La sequía me hizo sabia – Elena Pérez Hoyos

 

“Bendito aquel que confía en el Señor, y en él pone su esperanza.

Es como un árbol plantado junto al agua, que alarga hacia la corriente sus raíces. Nada teme cuando llega el calor, su follaje se mantiene verde, en año de sequía no se preocupa,

ni deja de producir sus frutos.”

 

(Jer. 17, 7-8)

 

Aquella primavera el sol me azotó sin piedad. Se me negó la bendición de la lluvia. Todas mis hojas se secaron, y las vi caer muertas a mis pies. El viento sur me agrietó las ramas y el tronco. Se me entristecieron las flores, no di frutos aquel verano. Me convertí en una silueta deforme, grotesca, sin vida. Ni dar sombra podía, tal era mi desnudez. Dejé de silbar con la brisa, dejé de bailar. Dejaron de visitarme los pájaros y los sueños. Y creí morir, viendo frustrada mi vocación de ser árbol frutal, generoso y fértil. Creí morir viendo secarse el futuro para el que alguien me plantó cuando yo no era más que una promesa.

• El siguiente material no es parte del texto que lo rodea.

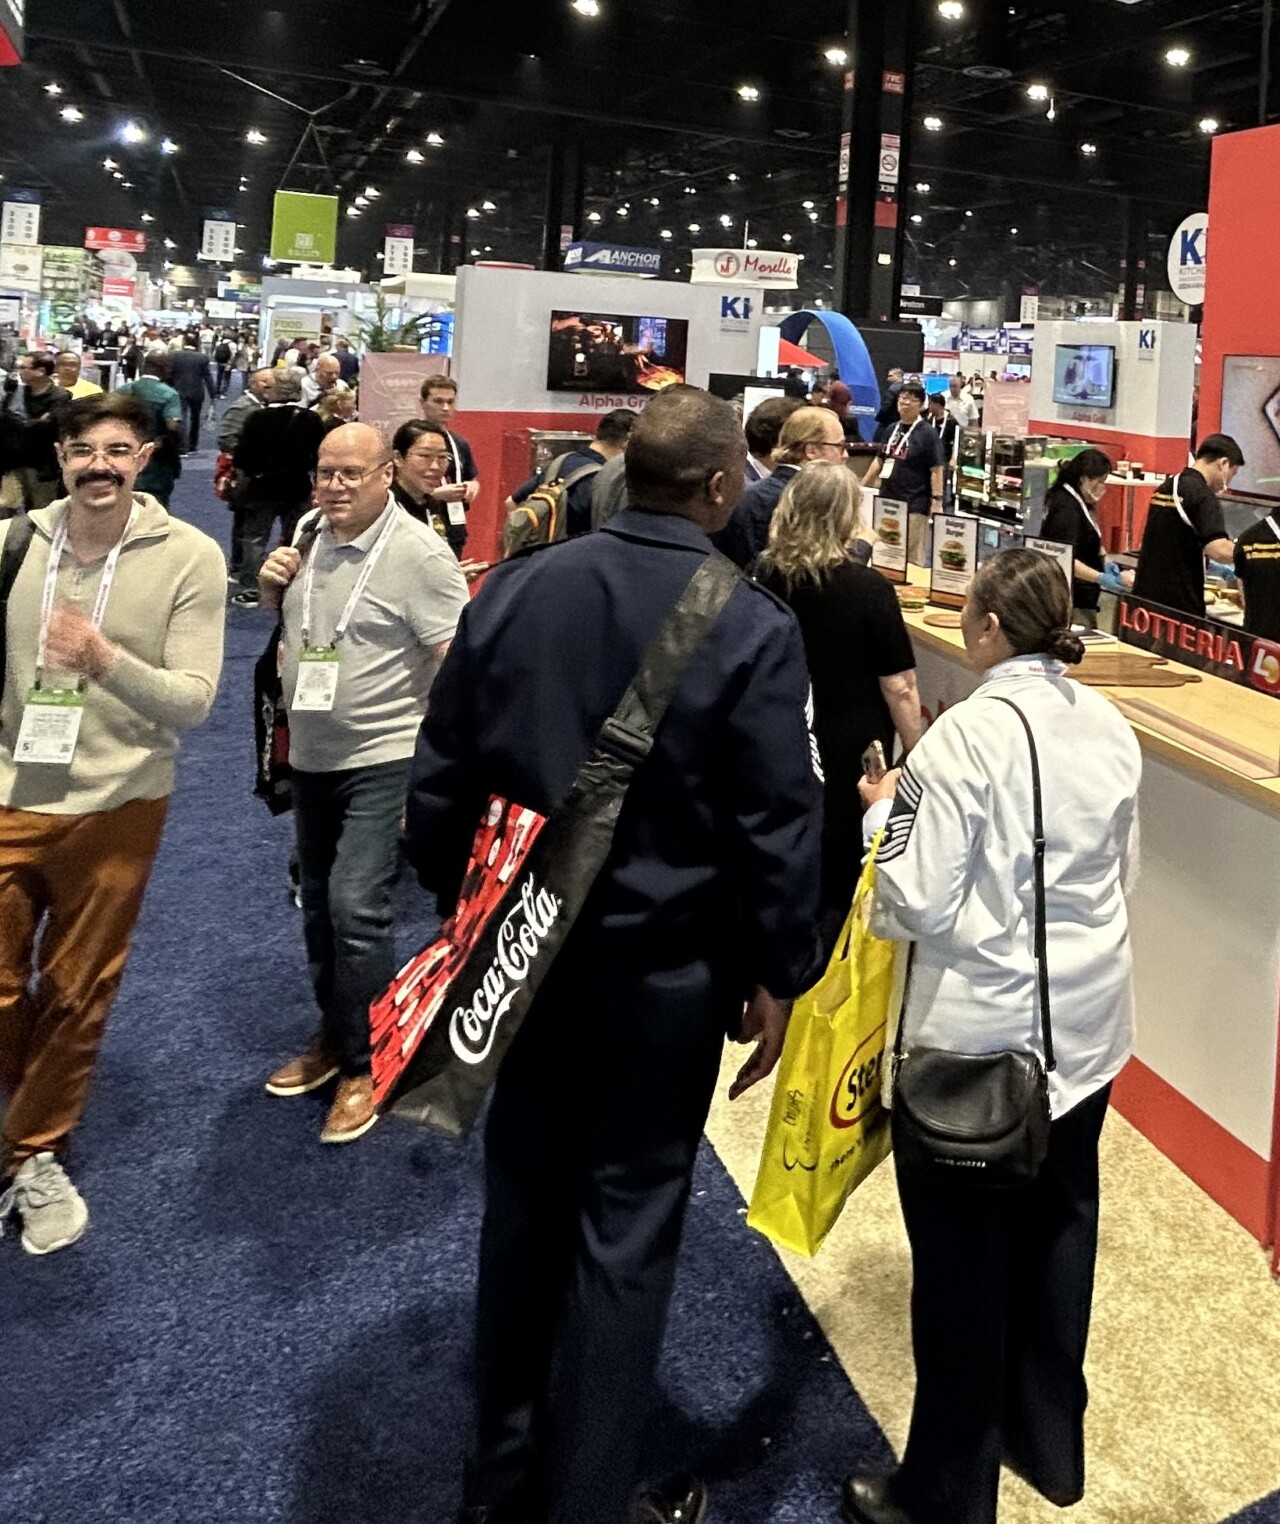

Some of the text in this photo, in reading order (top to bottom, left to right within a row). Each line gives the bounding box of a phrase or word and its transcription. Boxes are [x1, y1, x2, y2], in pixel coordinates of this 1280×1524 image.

Pero aquella primavera la sequía me hizo sabia.

En la agonía, en la sed, en el delirio, tomé conciencia de mis raíces. Aquellas que más se hundían cuanto mayor era mi necesidad de agua. Mientras yo moría por fuera, ante los ojos del mundo, algo crecía en mí bajo la tierra. Mis raíces se fortalecieron movidas por la sed. Hurgaron laberintos secretos, absorbieron flujos subterráneos, se hundieron cada vez más profundas, cada vez más voraces. Las descubrí extendiéndose a mis pies para abarcar más espacio, y recogiendo ansiosas el agua que me devolvería la vida.

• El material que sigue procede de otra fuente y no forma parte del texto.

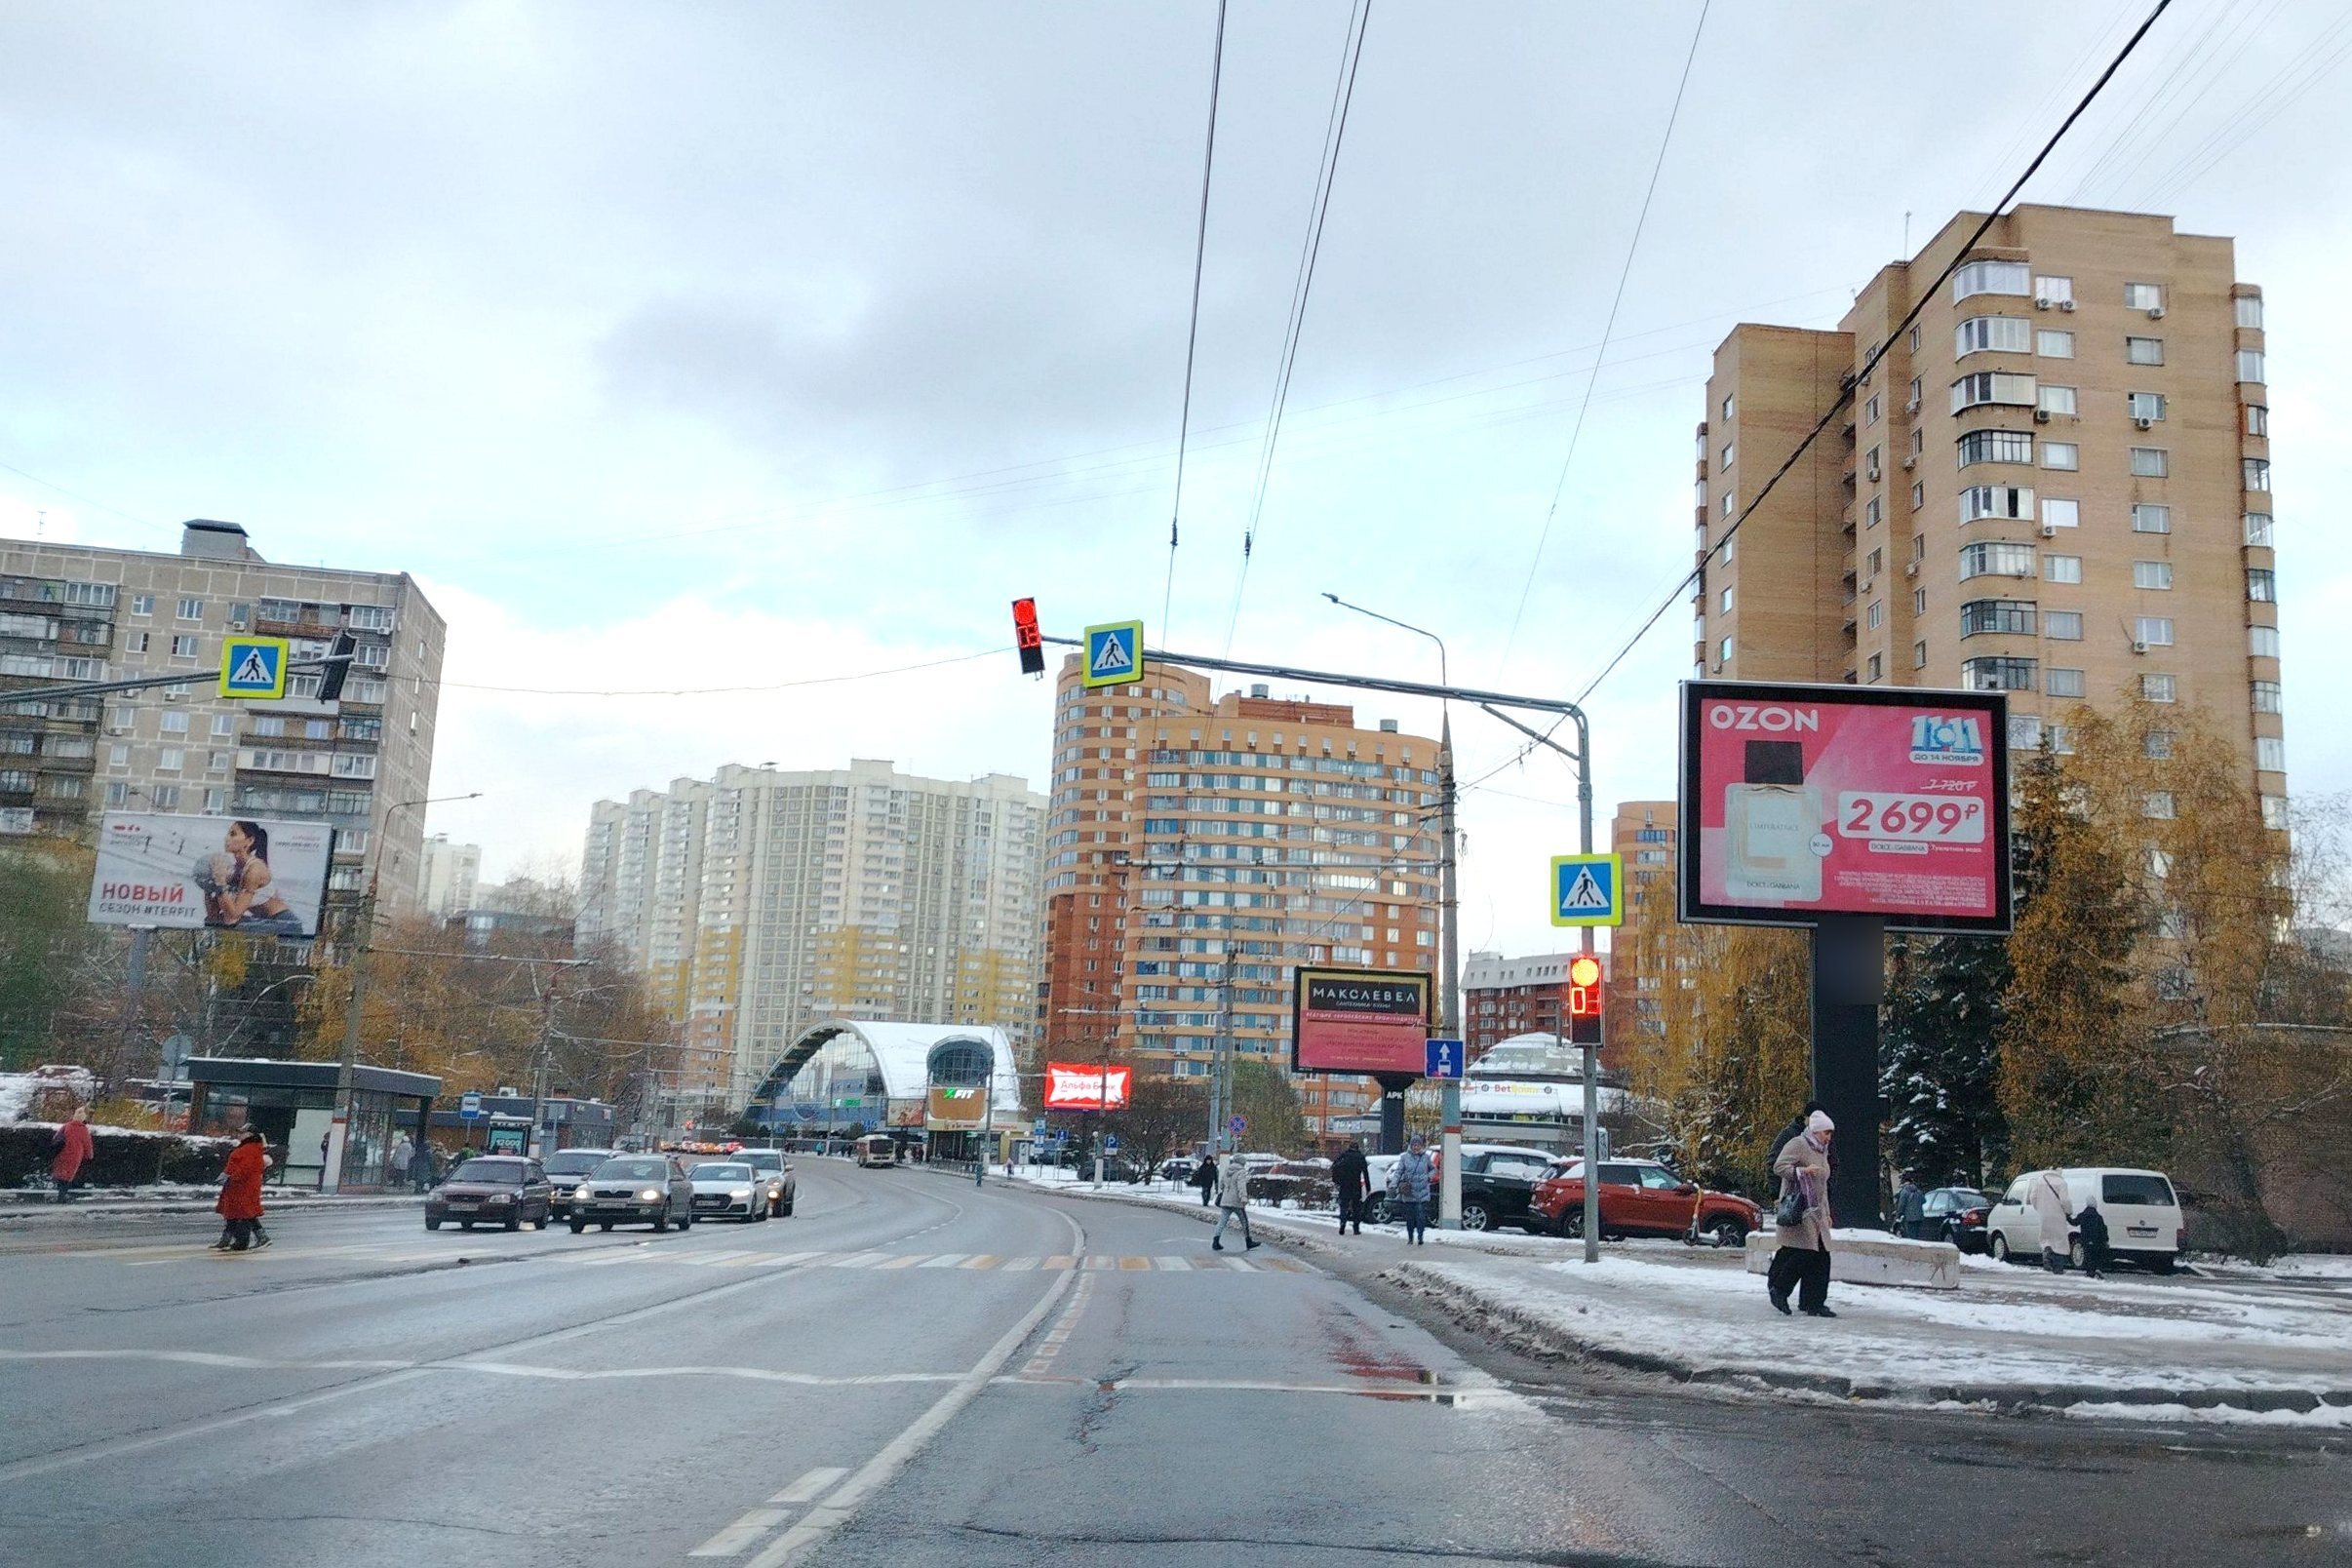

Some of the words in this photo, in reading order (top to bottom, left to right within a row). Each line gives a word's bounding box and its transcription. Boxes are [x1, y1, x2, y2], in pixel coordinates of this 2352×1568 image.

[1709, 704, 1819, 732] OZON
[101, 882, 185, 903] НОВЫЙ
[98, 902, 142, 915] СЕЗОН
[1061, 1080, 1091, 1090] Альфа

Esas raíces nudosas me regaron el cuerpo de savia fresca. Y la savia me sacudió las ramas, me despertó las flores.

Y un tiempo después di fruto abundante, capaz de apagar el hambre. Y mi sombra refrescó el descanso de los caminantes. Y mis hojas, silbando al viento, fueron de nuevo la melodía del bosque.

Aquella primavera la sequía me hizo sabia. Me enseñó a anclarme a la tierra, para que sean tan profundas mis raíces que no haya sed que no alivien. Y supe que seguiré dando frutos siempre, gracias a la vida que me recorre y me riega, y que brota de las entrañas del mundo para convertirse en alimento en los extremos de mis ramas.

Y desde entonces aquí estoy, enorme y frondosa, fértil y alegre. Y nunca más han dejado de visitarme los pájaros. Ni los sueños.